I think the first true AGI will be created in the late 2030s to 2040s. A true AGI/NPC will be created under 12K to 16K VR world; However, I can't dismiss the possibility that some proto AGIs will be created in the 2020s, albeit quite crude. We definitely will have the tools to create a true AGI in this decade but we'll be limited by the resolution of brain scanning technologies. We need the latter to extract models/algorithms from the brain and incorporate them into an AGI. Right now OpenBCI seems focused on language/speech models to achieve AGI, but a generally intelligent human is not solely dependent on language/speech. A body is needed to learn the environment, objects, etc. but we don't need robotics for that. We could incorporate these AGI models like GPT and other models extracted from the brain (sensation models, perception models, motor action models, memory models, etc.) and incorporate them into an NPC avatar. VR is needed for a human to assist the AGI in real-time learning. The human will have an avatar of its own and interact with the AGI/NPC and teach it. Learning as we know it is accompanied by growing. We need to incorporate time-adaptive rendering in this VR world to simulate aging. This means the first generation of these AGIs in NPC bodies will have baby avatars and over time, their body/mind will grow and become adults. This means we need self-generating, self-coding models that are quite adaptable and reactive. The baby AGIs will have crude models at first. Then over time through nurturing by humans in the VR world, the models within these AGIs grow, and essentially become like ours. But I think its important to give them mortality so that humans are not required to teach them indefinitely. AGIs will grow, give birth to other AGIs, pass down what they know, grow old, and die. Cycle continues.

It's scary because we could definitely simulate the VR world like a medieval village. And only allow medieval technology to exist and persist. This means the AGIs wouldn't even know that their reality is simulated and created by us because of 12K to 16K resolution, the VR world pretty much has a submillimeter precision. There's no way for them to even know that it's simulated.
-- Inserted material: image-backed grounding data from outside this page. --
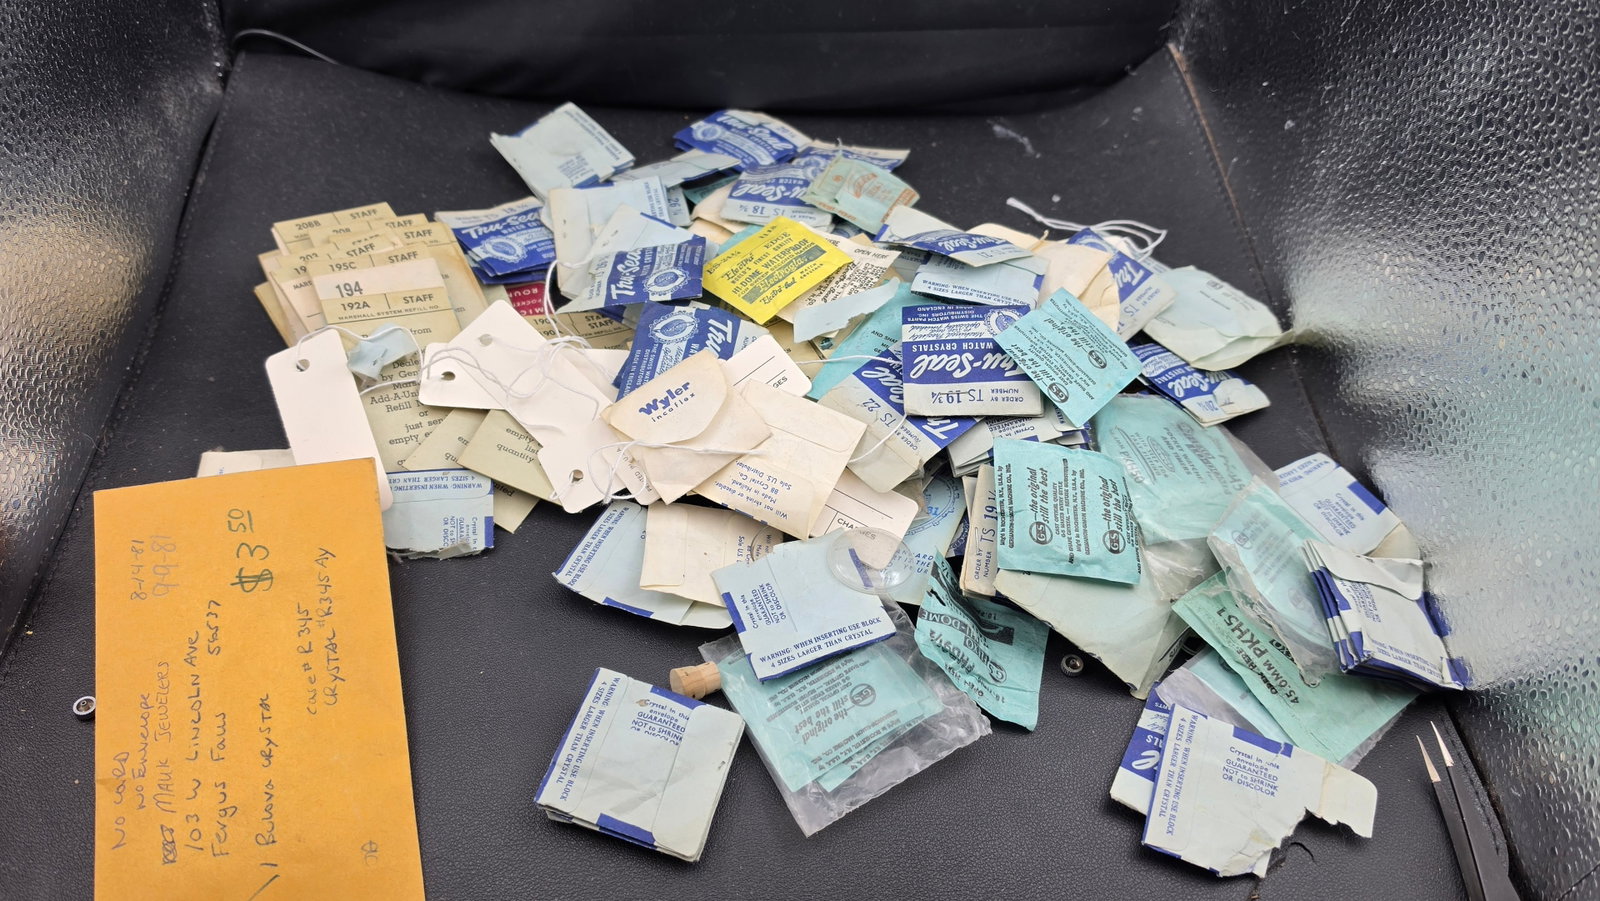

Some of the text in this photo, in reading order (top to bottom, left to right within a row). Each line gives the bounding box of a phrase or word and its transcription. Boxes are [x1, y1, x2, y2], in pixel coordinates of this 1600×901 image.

[350, 209, 378, 220] STAFF
[404, 229, 433, 239] STAFF
[329, 251, 419, 273] 195C STAFF
[346, 243, 376, 258] STAFF
[761, 239, 810, 269] WATERPROOF
[854, 248, 870, 256] OPEN
[335, 281, 364, 299] 194
[340, 293, 434, 311] 192A STAFF
[410, 327, 432, 335] from
[588, 318, 615, 330] STAFF
[871, 330, 883, 338] AND
[911, 342, 994, 352] WATCH CRYSTALS
[1066, 323, 1095, 350] still the
[1004, 344, 1033, 372] original
[1009, 341, 1056, 384] still the best
[381, 374, 394, 383] by
[772, 375, 788, 389] GES
[638, 381, 691, 416] Wyler
[946, 392, 962, 404] 19
[968, 388, 984, 402] TS
[385, 403, 412, 414] Refill
[418, 410, 430, 418] or
[862, 397, 897, 428] TS 22
[404, 421, 423, 434] just
[505, 427, 535, 444] empty
[389, 433, 419, 446] empty
[523, 444, 540, 456] list
[496, 442, 535, 464] quantity
[735, 459, 764, 478] Distributor.
[394, 484, 428, 492] INSERTING
[730, 478, 777, 504] Made Holland.
[738, 471, 770, 491] Crystal Co.
[1027, 467, 1039, 499] original
[1098, 475, 1111, 507] original
[1038, 467, 1049, 524] still the best
[745, 496, 788, 520] Will not shrink
[1111, 498, 1123, 532] still the
[565, 512, 616, 577] SIZES LARGER THAN CRYSTAL
[981, 527, 996, 543] TS
[567, 526, 615, 587] WHEN INSERTING USE BLOCK
[983, 551, 992, 578] NUMBER
[749, 599, 763, 621] envelope
[751, 589, 772, 626] GUARANTEED
[758, 584, 781, 624] NOT SHRINK
[765, 582, 787, 620] OR DISCOLOR
[207, 599, 223, 656] 56537
[749, 613, 759, 629] Crystal
[793, 616, 882, 651] WHEN INSERTING USE BLOCK
[777, 654, 796, 666] SIZES
[797, 644, 823, 659] LARGER
[825, 637, 843, 649] THAN
[844, 628, 874, 643] CRYSTAL
[1217, 606, 1300, 705] 45.0MM PKH51
[592, 687, 605, 704] SIZES
[581, 705, 594, 731] LARGER
[644, 698, 690, 721] Crystal this
[649, 708, 679, 723] envelope
[794, 694, 850, 735] still the best
[631, 719, 648, 731] NOT
[657, 727, 683, 742] SHRINK
[637, 711, 686, 733] GUARANTEED
[802, 715, 833, 745] original
[570, 731, 584, 752] THAN
[559, 708, 606, 802] WHEN INSERTING USE BLOCK
[1229, 746, 1254, 761] Crystal
[1236, 757, 1269, 772] envelope
[556, 753, 573, 784] CRYSTAL
[1158, 723, 1186, 818] SIZES LARGER THAN CRYSTAL
[1222, 766, 1279, 791] NOT SHRINK
[1225, 758, 1279, 782] GUARANTEED
[186, 776, 200, 801] W
[1166, 747, 1191, 836] WHEN INSERTING USE BLOCK
[1222, 773, 1276, 798] OR DISCOLOR
[209, 780, 238, 857] Fergus
[184, 812, 203, 851] 103
The likelihood of JOIs (AI companion from the movie "Blade Runner 2049) seems inevitable. Except they won't be through holograms but through VR we would interact with them. I can't dismiss that there may be people who would give them an android body like Ex Machina, but it'll be too expensive, crude, and robotic compared to a VR avatar that is indistinguishable from a real human body (submillimeter precision) and real human-like movements. Even something akin to WestWorld can be done in VR, and we could do away with robotics. But to have Westworld-level resolution, we'd have to wait until the 2040s.